Getting Their Hands Dirty

Michael Azerrad Chronicles Indie Rock His Way

Robert Christgau

Tuesday, August 7th 2001

Before I'm overcome by the niggles, let me give Michael Azerrad's Our Band Could Be Your Lifeits well-earned thumbs-up. Here's my rave: While reading this 500-page history of '80s indie rock, I only resorted to something lighter to avoid putting my back out. All 13 profiles are page-turners. Azerrad has done so much interviewing that the material will be fresh even for those whose lives these bands were. Though he does "concentrate on the bands' stories rather than their music," his unhedged critical judgments make the stories mean-not-be. And if you accept his precondition that only pure indie acts qualify, it's hard to argue with his choices: Black Flag, Minutemen, Mission of Burma, Minor Threat, Hüsker Dü, Replacements, Sonic Youth, Butthole Surfers, Big Black, Dinosaur Jr., Fugazi, Mudhoney, and Beat Happening. Right, I'll take Meat Puppets, Feelies, Pylon, Camper Van Beethoven, and others over half of them.
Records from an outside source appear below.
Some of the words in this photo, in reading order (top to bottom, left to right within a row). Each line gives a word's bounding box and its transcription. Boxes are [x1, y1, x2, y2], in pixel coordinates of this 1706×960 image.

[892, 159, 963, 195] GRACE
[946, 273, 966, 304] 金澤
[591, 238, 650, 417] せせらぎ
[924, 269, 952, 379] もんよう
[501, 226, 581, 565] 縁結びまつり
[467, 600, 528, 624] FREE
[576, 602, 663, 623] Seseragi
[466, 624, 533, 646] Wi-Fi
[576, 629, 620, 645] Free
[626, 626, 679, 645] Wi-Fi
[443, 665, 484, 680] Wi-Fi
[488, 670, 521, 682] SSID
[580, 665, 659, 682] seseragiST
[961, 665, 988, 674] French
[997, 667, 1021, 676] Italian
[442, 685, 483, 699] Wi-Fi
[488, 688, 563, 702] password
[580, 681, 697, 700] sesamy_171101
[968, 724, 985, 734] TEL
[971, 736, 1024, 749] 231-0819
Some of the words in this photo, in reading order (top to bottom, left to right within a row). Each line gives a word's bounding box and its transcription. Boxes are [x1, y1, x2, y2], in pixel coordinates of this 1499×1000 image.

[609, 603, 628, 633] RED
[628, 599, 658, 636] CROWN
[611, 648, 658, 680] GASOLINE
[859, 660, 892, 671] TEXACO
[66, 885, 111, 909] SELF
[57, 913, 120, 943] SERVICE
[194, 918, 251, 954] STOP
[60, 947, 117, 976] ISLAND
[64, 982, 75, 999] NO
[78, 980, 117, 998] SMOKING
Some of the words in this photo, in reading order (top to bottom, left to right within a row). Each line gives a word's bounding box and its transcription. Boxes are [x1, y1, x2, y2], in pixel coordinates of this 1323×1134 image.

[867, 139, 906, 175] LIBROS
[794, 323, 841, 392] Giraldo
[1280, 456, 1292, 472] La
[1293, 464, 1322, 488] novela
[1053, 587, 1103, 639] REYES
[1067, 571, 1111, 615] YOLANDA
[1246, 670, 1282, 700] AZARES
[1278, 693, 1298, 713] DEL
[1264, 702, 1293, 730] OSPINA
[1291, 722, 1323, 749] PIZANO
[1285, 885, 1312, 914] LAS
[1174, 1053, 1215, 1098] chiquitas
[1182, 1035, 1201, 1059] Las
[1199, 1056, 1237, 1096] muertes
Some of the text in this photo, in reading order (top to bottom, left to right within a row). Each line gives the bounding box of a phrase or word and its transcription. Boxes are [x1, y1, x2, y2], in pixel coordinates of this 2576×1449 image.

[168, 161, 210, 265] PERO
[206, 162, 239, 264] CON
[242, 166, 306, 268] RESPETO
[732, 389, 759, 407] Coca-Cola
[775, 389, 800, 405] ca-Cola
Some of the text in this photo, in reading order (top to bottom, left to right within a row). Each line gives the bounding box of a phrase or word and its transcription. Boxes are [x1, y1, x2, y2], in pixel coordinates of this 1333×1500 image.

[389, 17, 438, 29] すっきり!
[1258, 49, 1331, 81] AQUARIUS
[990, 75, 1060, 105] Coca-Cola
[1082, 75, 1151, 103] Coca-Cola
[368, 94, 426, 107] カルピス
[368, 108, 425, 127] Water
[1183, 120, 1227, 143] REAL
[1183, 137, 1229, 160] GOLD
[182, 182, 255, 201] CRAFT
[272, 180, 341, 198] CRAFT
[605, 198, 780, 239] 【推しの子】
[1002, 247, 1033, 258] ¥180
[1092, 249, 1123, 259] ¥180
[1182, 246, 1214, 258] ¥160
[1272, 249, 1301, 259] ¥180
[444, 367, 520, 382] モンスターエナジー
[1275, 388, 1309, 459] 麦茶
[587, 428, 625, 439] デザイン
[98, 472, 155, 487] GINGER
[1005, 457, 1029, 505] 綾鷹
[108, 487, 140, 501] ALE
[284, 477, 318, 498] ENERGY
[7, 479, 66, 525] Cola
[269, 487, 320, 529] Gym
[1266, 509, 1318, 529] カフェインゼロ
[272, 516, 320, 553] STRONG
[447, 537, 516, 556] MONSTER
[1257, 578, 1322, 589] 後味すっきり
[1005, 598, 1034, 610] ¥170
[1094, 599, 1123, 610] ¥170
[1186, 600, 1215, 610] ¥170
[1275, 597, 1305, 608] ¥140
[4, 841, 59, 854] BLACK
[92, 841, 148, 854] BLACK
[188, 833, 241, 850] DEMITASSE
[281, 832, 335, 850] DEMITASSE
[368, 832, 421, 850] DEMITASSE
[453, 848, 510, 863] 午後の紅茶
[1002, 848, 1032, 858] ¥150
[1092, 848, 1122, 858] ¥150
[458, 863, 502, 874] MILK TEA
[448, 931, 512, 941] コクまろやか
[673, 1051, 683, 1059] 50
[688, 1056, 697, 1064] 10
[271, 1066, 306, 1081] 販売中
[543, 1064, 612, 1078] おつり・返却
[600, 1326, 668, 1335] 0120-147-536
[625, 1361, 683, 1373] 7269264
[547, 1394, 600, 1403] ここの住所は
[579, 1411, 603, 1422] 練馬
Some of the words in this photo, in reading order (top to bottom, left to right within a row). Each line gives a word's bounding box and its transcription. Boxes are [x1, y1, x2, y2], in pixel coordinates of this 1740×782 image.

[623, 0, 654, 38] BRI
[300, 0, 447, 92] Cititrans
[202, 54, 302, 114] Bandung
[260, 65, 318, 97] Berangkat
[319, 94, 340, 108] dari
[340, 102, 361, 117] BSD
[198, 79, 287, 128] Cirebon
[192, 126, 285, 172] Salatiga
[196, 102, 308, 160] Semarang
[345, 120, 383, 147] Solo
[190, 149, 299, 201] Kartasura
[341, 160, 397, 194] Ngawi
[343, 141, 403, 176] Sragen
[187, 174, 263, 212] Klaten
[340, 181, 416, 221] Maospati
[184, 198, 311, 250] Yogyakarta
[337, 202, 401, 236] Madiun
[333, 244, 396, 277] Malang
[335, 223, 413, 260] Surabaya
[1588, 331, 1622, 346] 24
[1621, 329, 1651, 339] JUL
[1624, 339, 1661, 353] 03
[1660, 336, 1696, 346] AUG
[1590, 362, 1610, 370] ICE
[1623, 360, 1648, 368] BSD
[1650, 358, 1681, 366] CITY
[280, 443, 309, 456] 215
But except maybe for Camper Van, epitomes of a "college rock" Azerrad references without going into, I'd never claim my faves were as relevant, symbolic, or influential as Azerrad's.

That's only if you accept his precondition, however. And while indies-only may seem a reasonable parameter in a history of indie rock, note that in the other excellent book on the subject, Route 666: On the Road to Nirvana, Gina Arnold links her attraction to R.E.M. to their "independent label." Hmmph, says Azerrad—the eight I.R.S. longforms R.E.M. put out before selling their souls to Warner Bros. were "manufactured and distributed by A&M (which in turn had a business relationship with RCA) and later, MCA." Well, OK then, although you could also say the Herb Alpert-cofounded A&M was a prototype of artist-owned labels like Black Flag's DIY SST, where five of Azerrad's 13 bands tarried. And like Richard Harte's Ace of Hearts, Mission of Burma's home base, I.R.S. was the love child of an artistic hustler with money, although Harte was a lot shorter on hustle than I.R.S.'s Miles Copeland, whose current Ark 21 imprint has no business relationship with any biz megacorp known to me. That's why Copeland hooked up with A&M, where he'd already placed his brother's band, the Police—just as punkzine publisher turned label head Bob Biggs took Slash to Warners for a quick cash-in that by Azerrad's rules disqualifies X, the Blasters, and Los Lobos.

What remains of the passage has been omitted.